Still, for ornithologists and backyard birders, the immediate effect of the studies was to be found in their potential to resolve—or extend—long-standing debates over the dinosaur descendants. Researchers now suggest they experienced several parallel “big bang” radiations into a wide array of species shortly after the extinction of the land-based dinosaurs some 66 million years ago.
Since then, distinct bird species twice independently gained the ability to learn sounds—hummingbirds and the ancestor of parrots and songbirds.
At least two other times, branches lost vocal learning—among the New Zealand wrens and a group that includes antbirds and manakins, according to the studies.
Other birds, such as the emu and ostrich, jettisoned flight, and almost all lost their right ovary.
And about 65 million years ago, an apex predator probably gave rise to all the major land birds, from the diminutive finch to the massive terror bird of South America, now extinct, according to the studies.
“We are suggesting that the common ancestor of core land birds was an apex predator, and that this predatory trait has been lost several times,” said Jarvis, who led the Science study on vocal learning.
On a smaller scale, there finally appears to be an answer to why hens don’t have teeth: The common ancestor of all birds lost a handful of genes regulating teeth about 116 million years ago, leaving descendants to evolve horny beaks and a digestive tract that grinds food, according to one study.
These characteristics, among others, have been a primary means for sorting bird species until the advent of genetics. But even modern studies, many of which depended on analyzing small DNA segments, sprouted conflicting trees, with species flitting from branch to branch.
That problem, known as incomplete lineage sorting, is particularly acute when so many species develop in a short time, Warnow said. Her team resolved this in part by merging about 14,000 individual genetic trees, she said.
In the end, though, the overall genome was a third as small as those of most mammals, said Guojie Zhang, head of comparative genomics at the National Genebank of the Beijing Genomics Institute-Shenzhen.

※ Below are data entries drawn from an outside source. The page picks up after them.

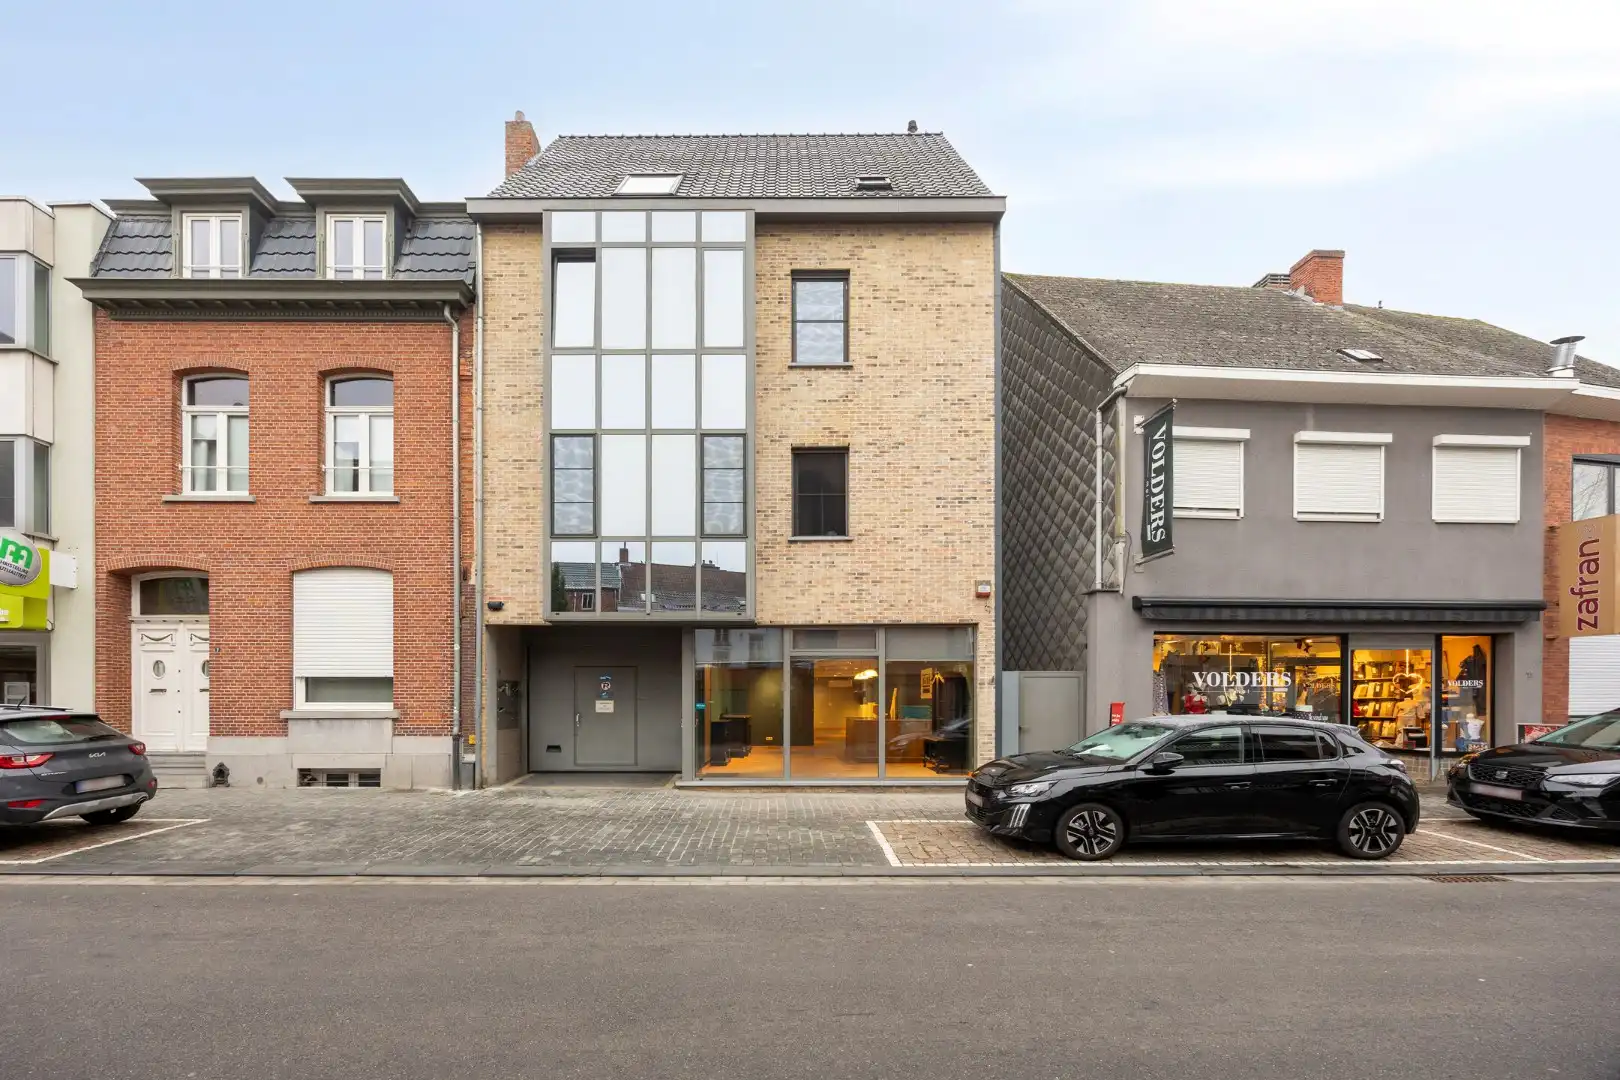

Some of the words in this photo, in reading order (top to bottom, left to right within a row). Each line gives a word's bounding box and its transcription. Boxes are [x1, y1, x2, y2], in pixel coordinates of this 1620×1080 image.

[1151, 421, 1167, 543] VOLDERS
[1569, 538, 1599, 631] zafran
[1192, 671, 1292, 687] VOLDERS
[1447, 679, 1484, 687] VOLDERS
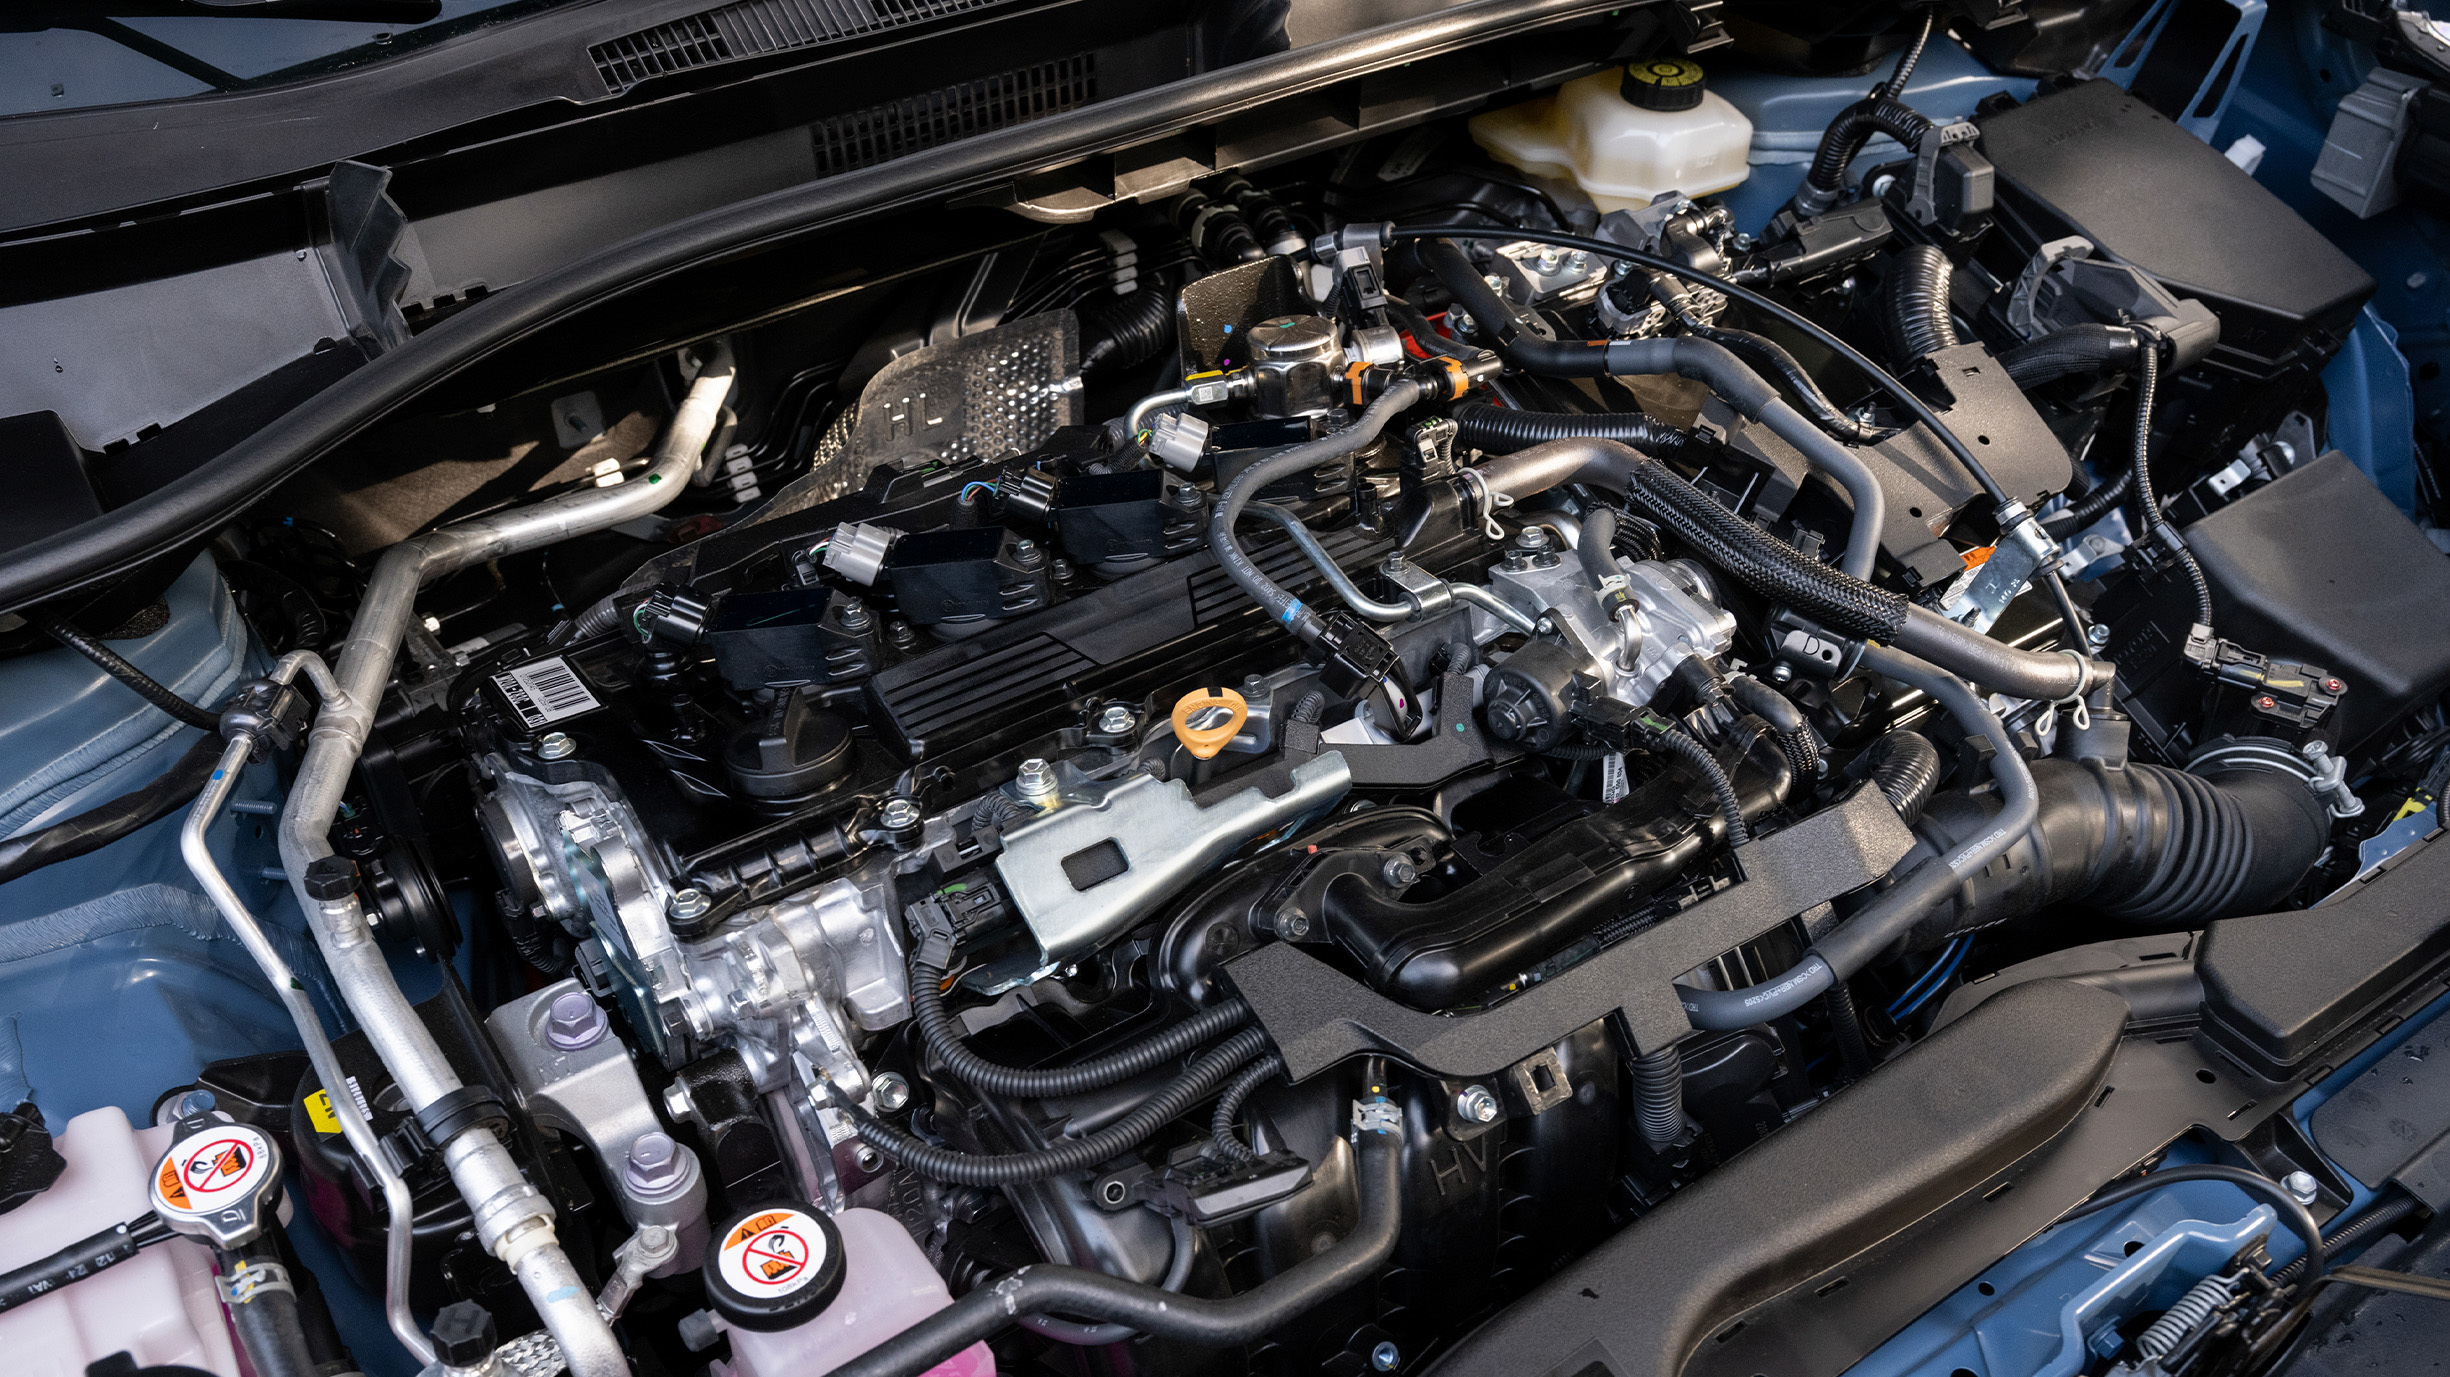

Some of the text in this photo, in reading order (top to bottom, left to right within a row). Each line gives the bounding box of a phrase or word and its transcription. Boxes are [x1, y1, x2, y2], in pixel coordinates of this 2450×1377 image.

[883, 392, 942, 441] HL
[1241, 565, 1254, 578] NOT
[1182, 698, 1242, 715] ENGINE OIL
[1808, 962, 1822, 977] TRD
[1430, 1133, 1487, 1196] HV
[777, 1275, 809, 1294] 108kPa

The studies showed it contains about 1.05 billion to 1.26 billion base pairs, which form the lattice of DNA’s double helix (that’s about a third the size of the human genome).
“The bird genome has experienced a massive gene loss,” Zhang said. “We found that 1,600 genes are completely missing from all bird genomes.”

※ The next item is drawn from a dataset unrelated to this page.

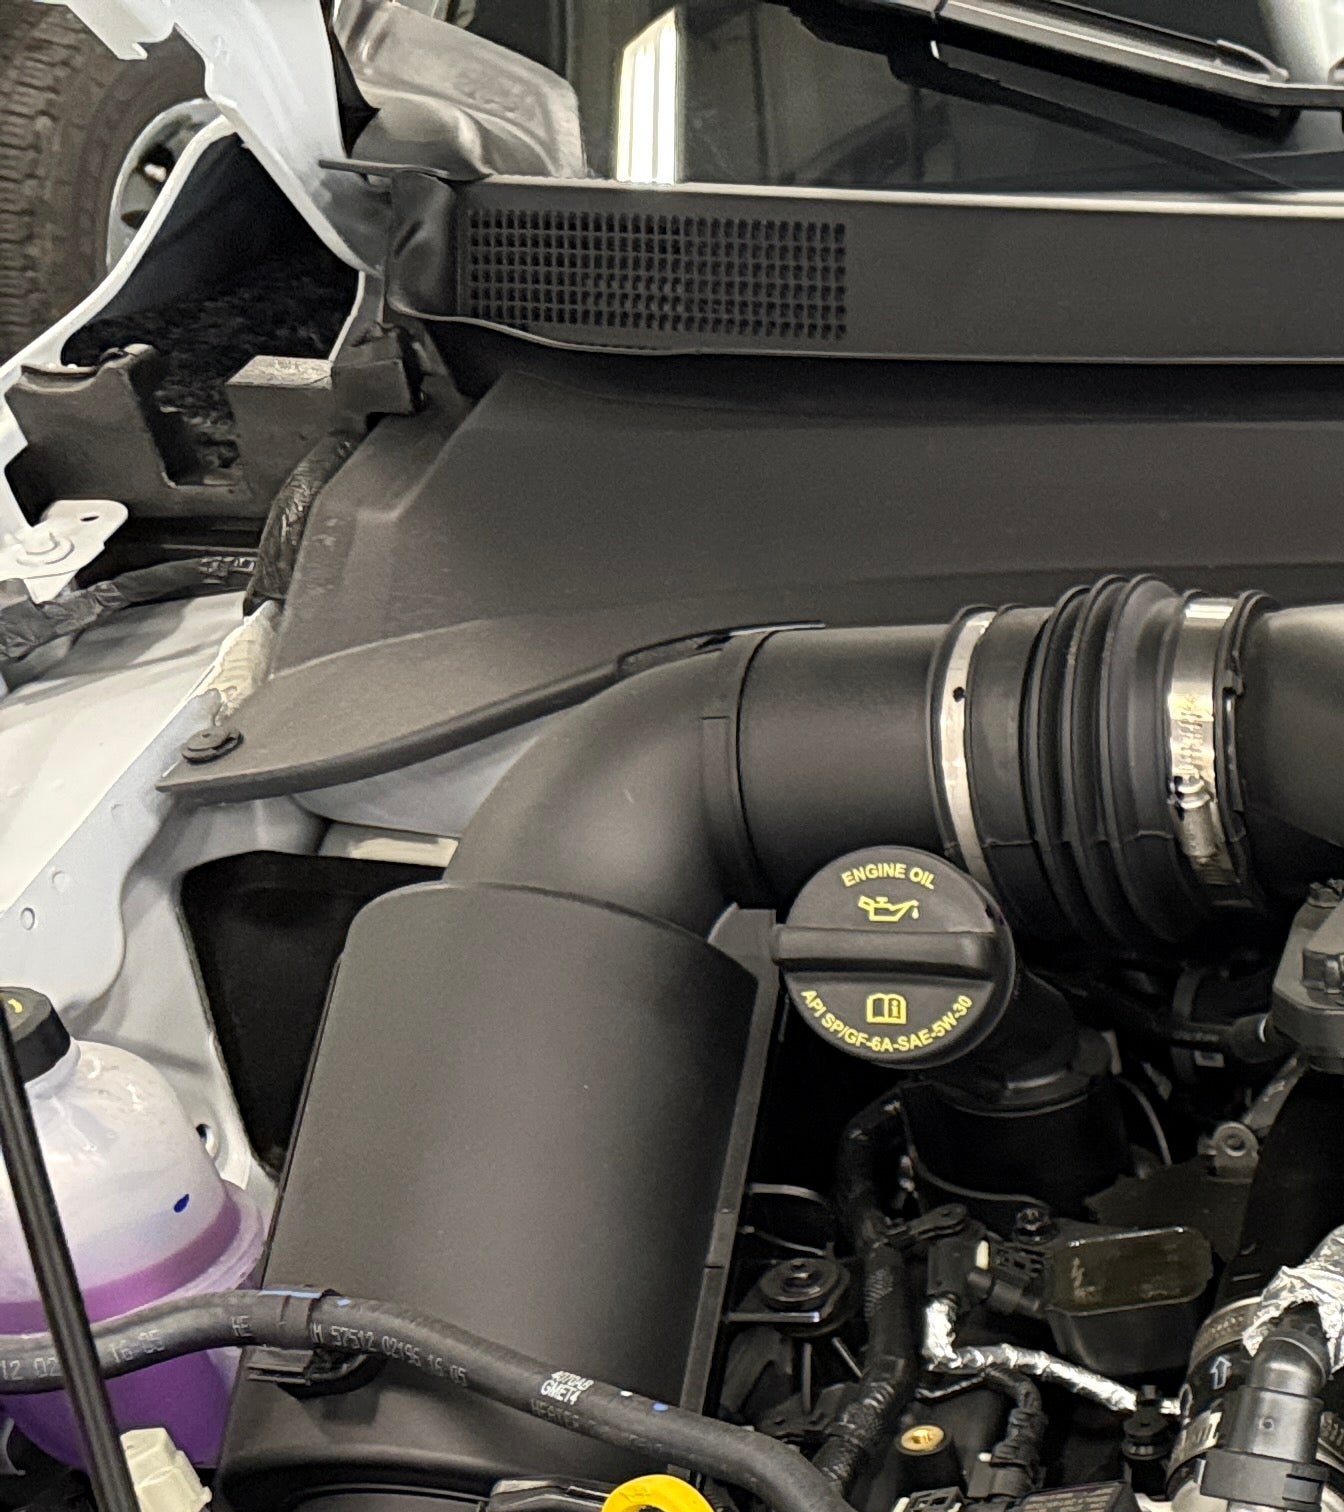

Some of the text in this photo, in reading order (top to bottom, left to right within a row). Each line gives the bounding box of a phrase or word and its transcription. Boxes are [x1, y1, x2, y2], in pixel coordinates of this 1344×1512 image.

Some of those are considered crucial to other animals, including genes regulating flexible lungs, and those associated with sexual organs, Zhang said.

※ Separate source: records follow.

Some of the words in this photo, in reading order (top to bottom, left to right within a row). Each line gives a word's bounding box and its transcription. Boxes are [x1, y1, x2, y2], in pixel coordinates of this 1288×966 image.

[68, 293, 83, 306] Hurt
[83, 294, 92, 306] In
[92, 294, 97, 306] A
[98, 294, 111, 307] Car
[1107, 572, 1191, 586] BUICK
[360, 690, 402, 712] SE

Despite several parallel “big-bang” speciations, birds have proved to be relatively slow evolvers, the studies found. Their rate of DNA shuffling varies by species, but is lethargic compared with that of mammals.
Among those studied, however, no animal matches the molecular malingering of the crocodilians, which started slow and just got slower. Its genome was included in part to help figure out the link between these toothy aquatic carnivores and birds.
“Birds are dinosaurs; they’re the one lineage of dinosaurs that made it through the mass extinction at the end of the so-called age of dinosaurs, the mesozoic,” University of Florida evolutionary biologist Edward Braun said.
“Their closest living relative is actually crocodilians.” Which bird, then, is closest to the last common ancestor shared with saltwater crocodiles, American alligators and the slender-nosed Indian gharial? Either the chicken or the ostrich, depending on how you look at the genomes mapped by the group.
“It’s actually the chicken that seems to have retained the most ancestral chromosomal organization compared to the other species,” Jarvis said. “At the single nucleotide level, the ostrich is evolving more slowly than the chicken.
These are two different aspects of gene evolution.”